> [Directions]
Omit the pictures from the listing below and print every remaining entry verbatim.

==== Task material

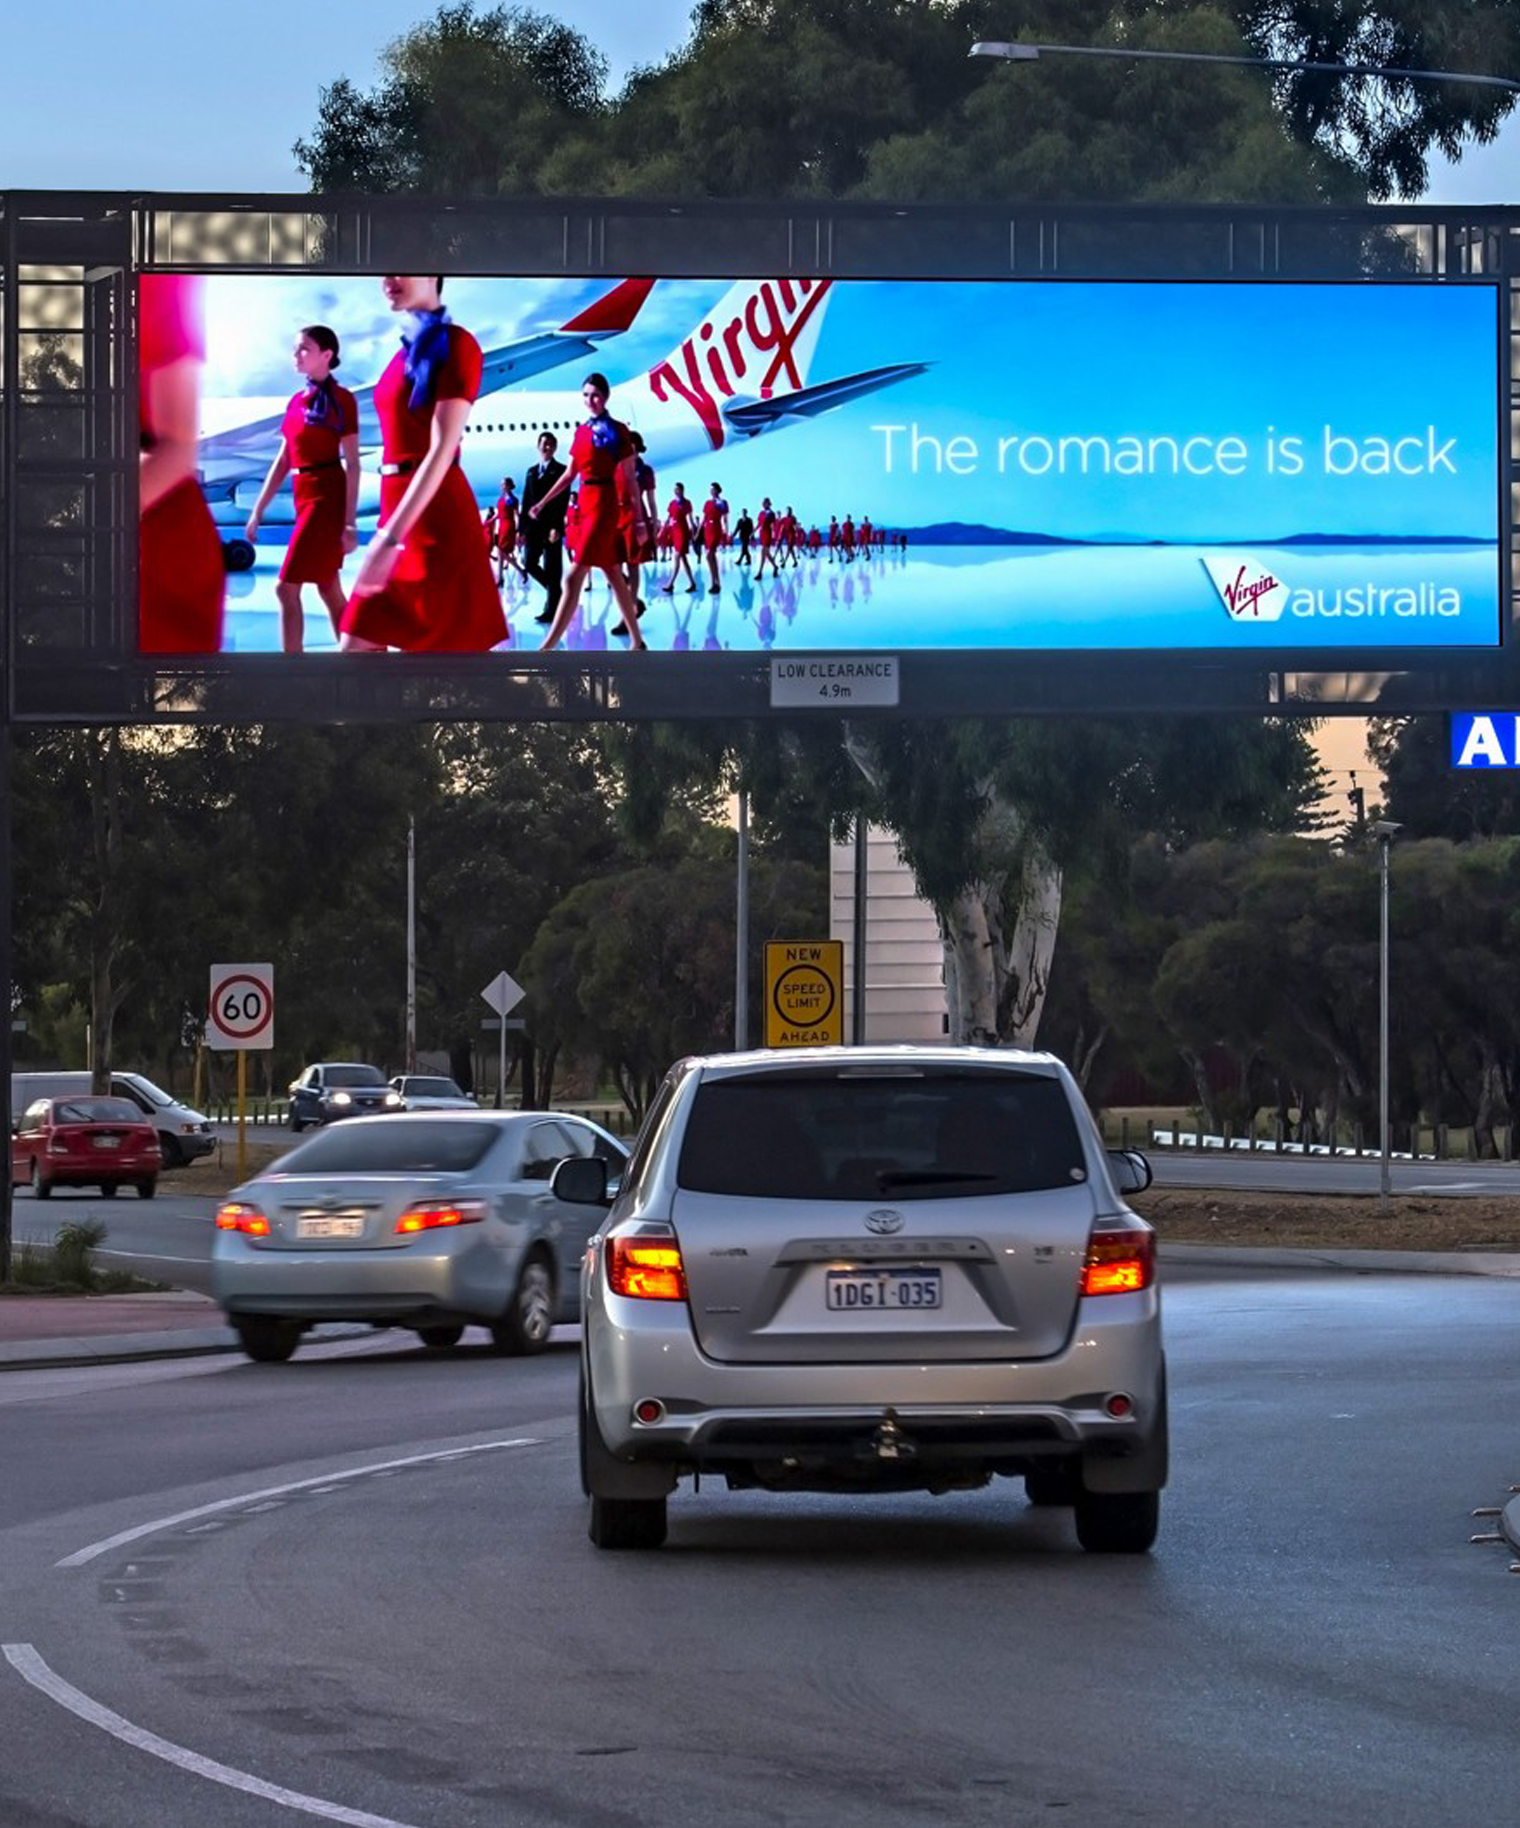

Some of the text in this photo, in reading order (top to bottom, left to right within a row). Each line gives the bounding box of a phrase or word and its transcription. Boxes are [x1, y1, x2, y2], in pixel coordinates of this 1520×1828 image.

[870, 423, 1457, 475] The romance is back
[1224, 565, 1461, 617] Virgin australia
[777, 663, 892, 678] LOW CLEARANCE
[819, 684, 851, 697] 4.9m
[786, 948, 821, 960] NEW
[783, 983, 826, 995] SPEED
[223, 992, 261, 1020] 60
[786, 998, 821, 1008] LIMIT
[780, 1031, 830, 1042] AHEAD
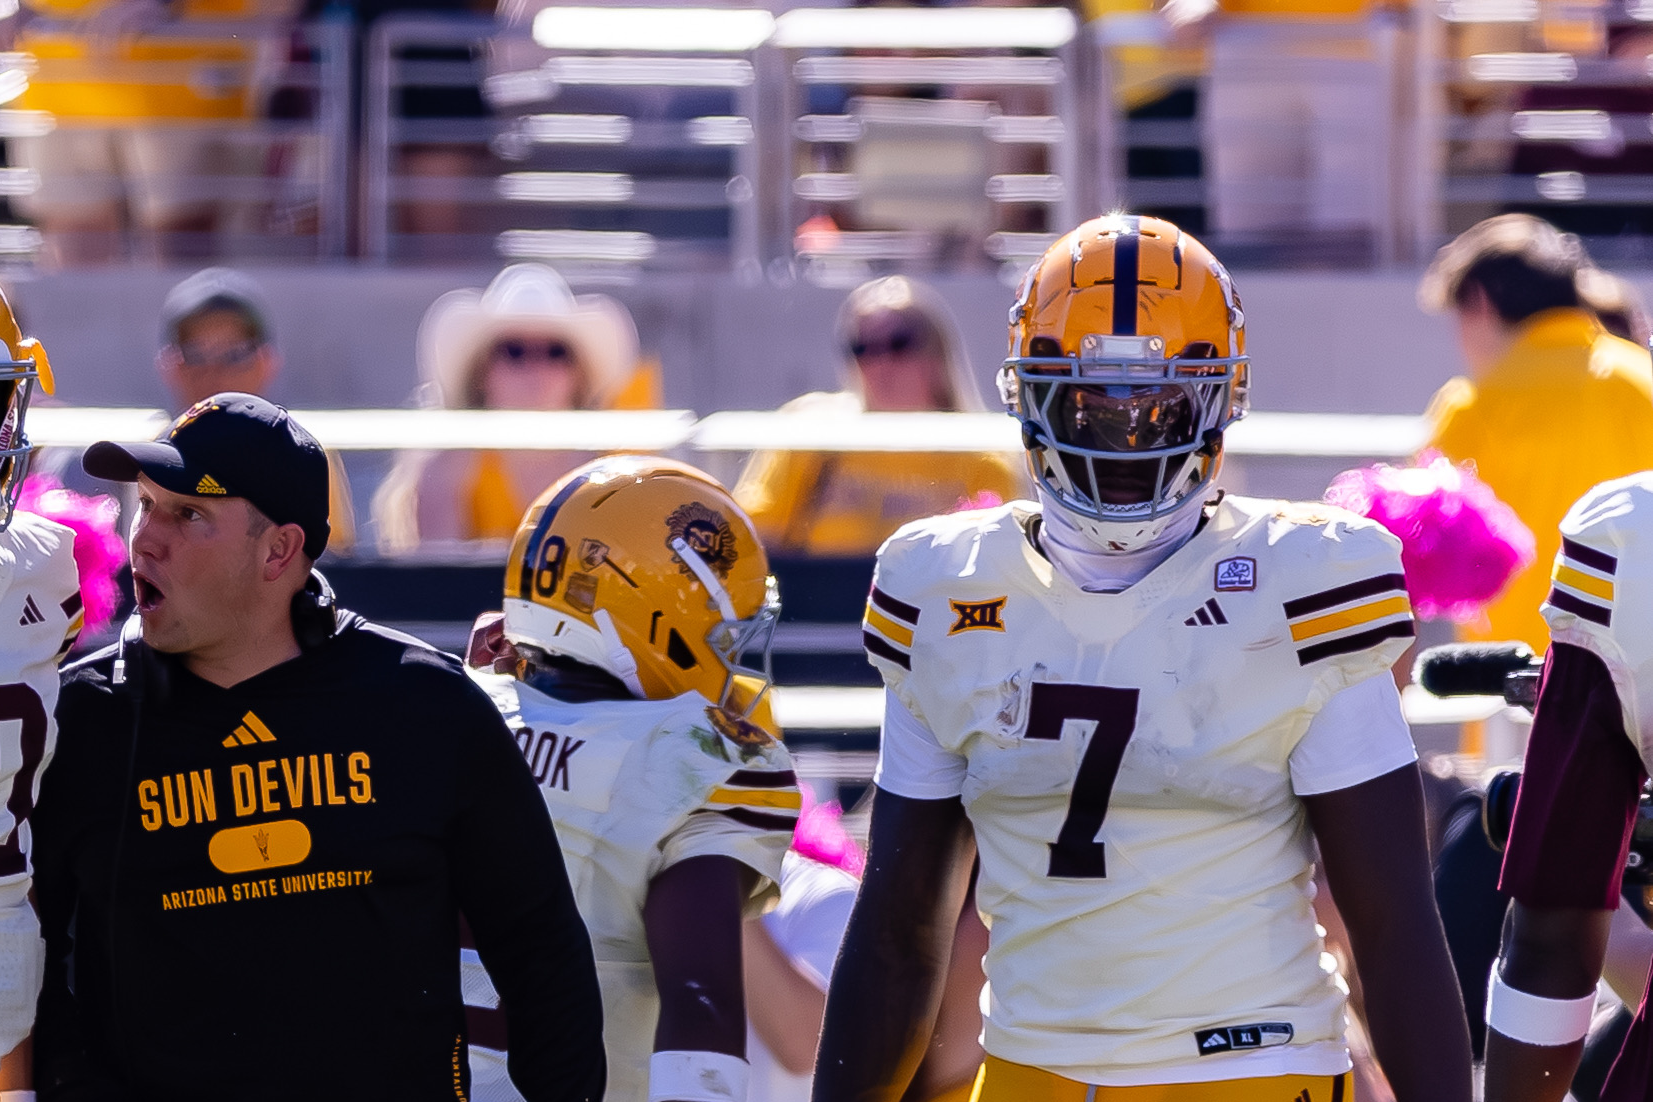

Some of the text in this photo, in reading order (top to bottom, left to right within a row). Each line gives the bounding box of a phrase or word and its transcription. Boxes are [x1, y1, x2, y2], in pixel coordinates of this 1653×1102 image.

[196, 486, 227, 494] adidas
[535, 534, 566, 597] 8
[948, 596, 1007, 636] XII
[138, 769, 217, 831] SUN
[1024, 682, 1140, 878] 7
[162, 886, 227, 911] ARIZONA
[232, 879, 278, 902] STATE
[1241, 1032, 1254, 1043] XL

========

> [Output of the exercise]
Some of the text in this photo, in reading order (top to bottom, left to right within a row). Each line gives the bounding box of a phrase or word and its transcription. Boxes are [x1, y1, x2, y2], in pixel coordinates of this 1520×1828 image.

[870, 423, 1457, 475] The romance is back
[1224, 565, 1461, 617] Virgin australia
[777, 663, 892, 678] LOW CLEARANCE
[819, 684, 851, 697] 4.9m
[786, 948, 821, 960] NEW
[783, 983, 826, 995] SPEED
[223, 992, 261, 1020] 60
[786, 998, 821, 1008] LIMIT
[780, 1031, 830, 1042] AHEAD

Some of the text in this photo, in reading order (top to bottom, left to right within a row). Each line gives the bounding box of a phrase or word and its transcription. Boxes are [x1, y1, x2, y2], in pixel coordinates of this 1653×1102 image.

[196, 486, 227, 494] adidas
[535, 534, 566, 597] 8
[948, 596, 1007, 636] XII
[138, 769, 217, 831] SUN
[1024, 682, 1140, 878] 7
[162, 886, 227, 911] ARIZONA
[232, 879, 278, 902] STATE
[1241, 1032, 1254, 1043] XL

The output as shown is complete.